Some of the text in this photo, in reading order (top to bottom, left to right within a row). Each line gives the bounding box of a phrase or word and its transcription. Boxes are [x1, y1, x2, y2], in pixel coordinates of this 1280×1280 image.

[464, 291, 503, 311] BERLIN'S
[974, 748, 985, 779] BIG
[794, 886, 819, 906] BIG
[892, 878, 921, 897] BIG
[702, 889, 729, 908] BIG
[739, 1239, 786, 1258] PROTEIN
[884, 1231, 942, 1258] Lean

+---+

### Task instructions
Set down the complete listing once more, exactly as it appears.

### Exercise response
Some of the text in this photo, in reading order (top to bottom, left to right within a row). Each line gives the bounding box of a phrase or word and its transcription. Boxes are [x1, y1, x2, y2], in pixel coordinates of this 1280×1280 image.

[464, 291, 503, 311] BERLIN'S
[974, 748, 985, 779] BIG
[794, 886, 819, 906] BIG
[892, 878, 921, 897] BIG
[702, 889, 729, 908] BIG
[739, 1239, 786, 1258] PROTEIN
[884, 1231, 942, 1258] Lean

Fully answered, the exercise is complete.